According to a recent survey of investors and property developers in China conducted by the Urban Land Institute, a think tank, only 23% of the respondents expected to invest more in luxury residential real estate, one of the lowest percentages recorded in the survey. That compares with 44% who expect to increase their investment in the midmarket housing sector.
In Hangzhou, sales of high-end homes plunged 54% in the first half the year, according to data tracker China Real Estate Index System. Gao Yuansheng, research director of the firm's Hangzhou office, attributed the fall mainly to expectations for slower price appreciation, but said it could be partly due to the anticorruption measures.
Another drag on the real-estate market: Beijing is paving the way for a nationwide system to tax and register property, which would make it much easier to identify modestly paid government officials who buy multiple homes. However, draft rules on a property-registration system issued Friday indicated the public would have only limited access to such a registry.

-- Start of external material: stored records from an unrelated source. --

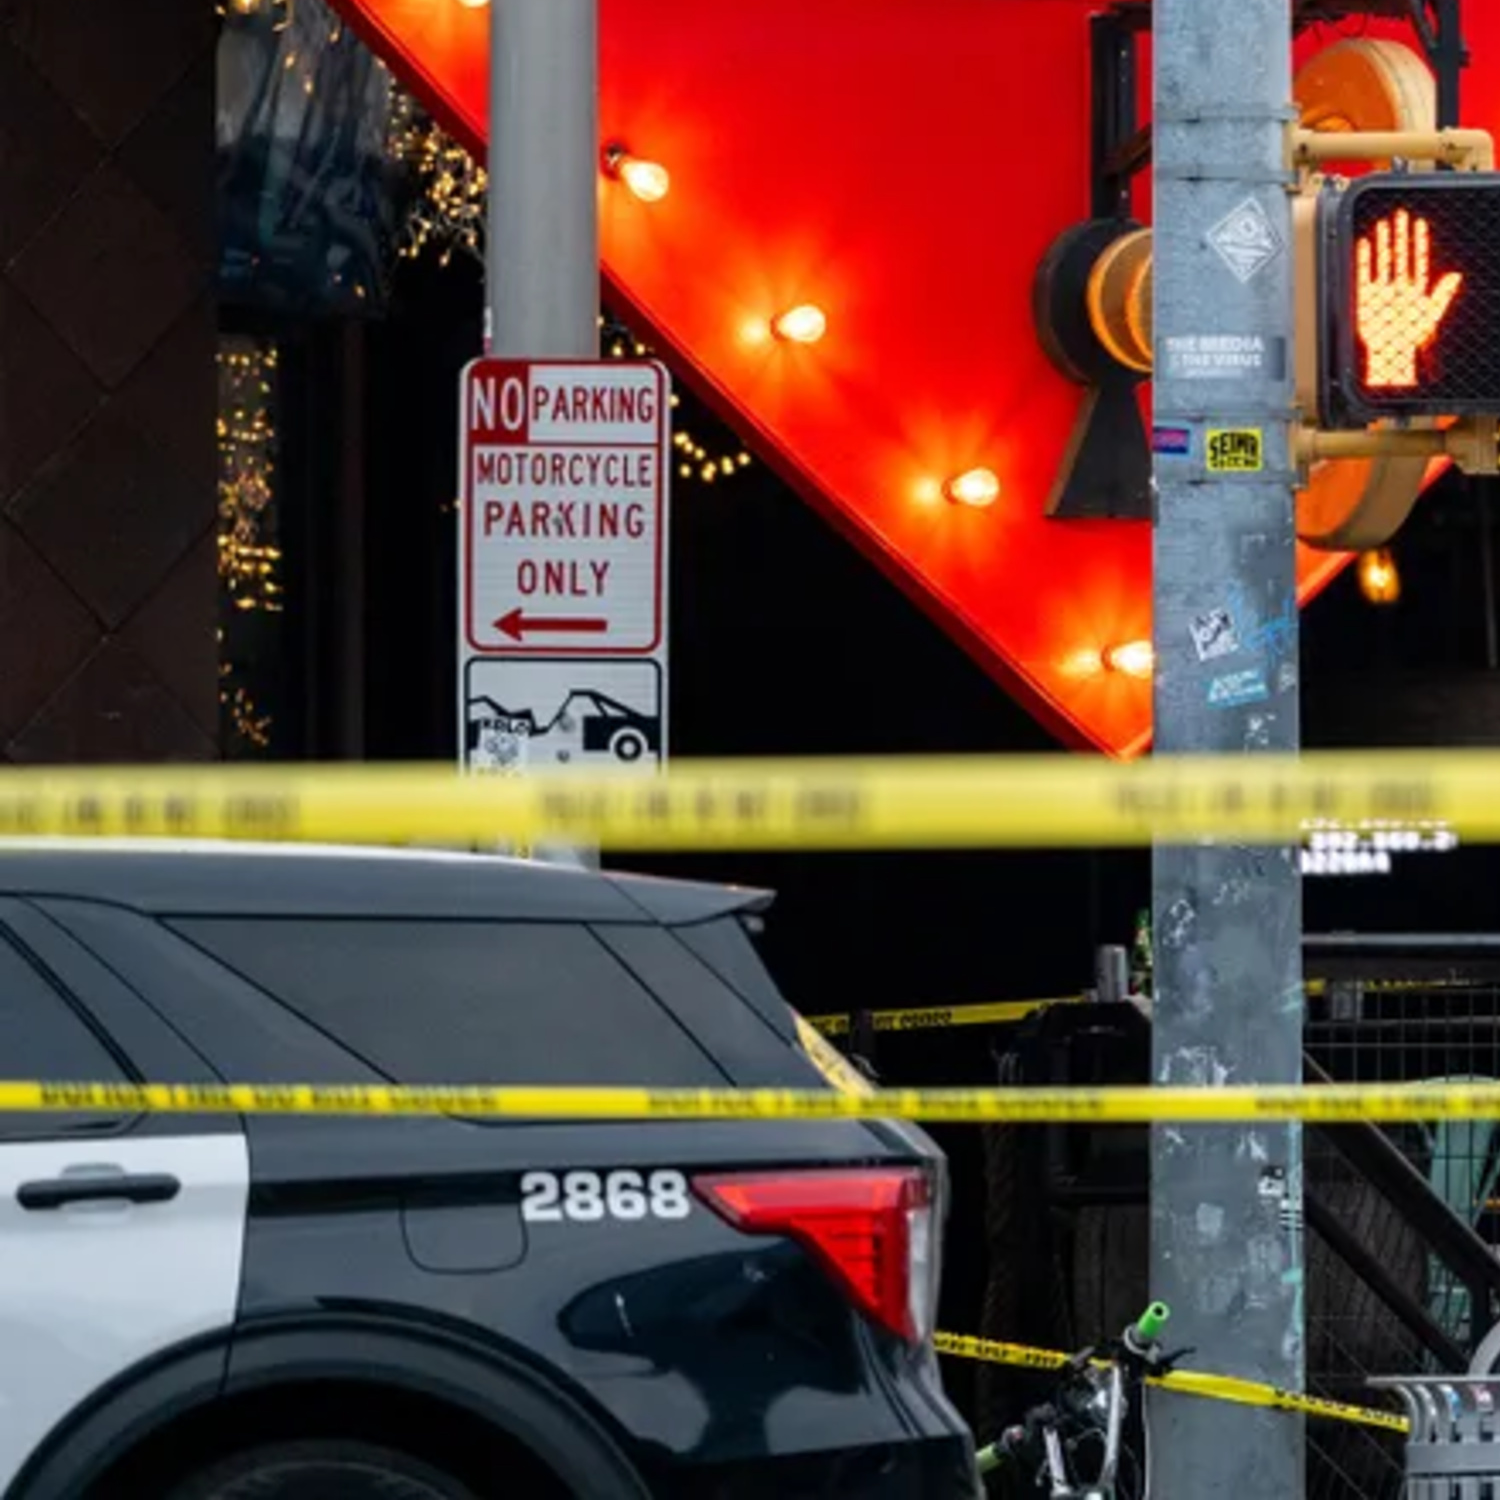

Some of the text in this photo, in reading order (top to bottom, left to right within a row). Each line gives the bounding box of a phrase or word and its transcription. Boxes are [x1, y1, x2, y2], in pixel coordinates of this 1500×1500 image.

[472, 377, 654, 431] NO PARKING
[476, 453, 652, 488] MOTORCYCLE
[483, 501, 645, 539] PARKING
[517, 560, 610, 597] ONLY
[520, 1170, 691, 1222] 2868

In a study from the University of Pennsylvania, economists found that Chinese government officials buy larger and more lavish homes than nonbureaucrats, despite earning typically 14% less in monthly income. Some officials also receive a price discount of nearly 4%, according to the study, which said that the size of the discount appears related to the power the official wields among local developers.
Bureaucrats in the study accounted for 7.1% of buyers—a much higher percentage compared with the 0.86% proportion of bureaucrats in China's total population.

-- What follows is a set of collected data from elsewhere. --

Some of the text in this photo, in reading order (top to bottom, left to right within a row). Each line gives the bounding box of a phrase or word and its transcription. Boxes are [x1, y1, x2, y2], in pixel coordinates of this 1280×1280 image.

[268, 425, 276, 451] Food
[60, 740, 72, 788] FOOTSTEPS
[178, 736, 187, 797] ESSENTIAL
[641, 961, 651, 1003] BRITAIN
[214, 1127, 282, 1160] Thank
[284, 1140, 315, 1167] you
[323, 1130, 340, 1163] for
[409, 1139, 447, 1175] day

Many officials mask their homeownership by using the IDs of their chauffeurs, relatives or surrogate buyers, according to real-estate agents.
One agent in Beijing said a client was in the process of unloading a home when the client was arrested last year. "I didn't realize he was an official until I saw his picture online when he was arrested," the agent said.
—Lilian Lin contributed to this article.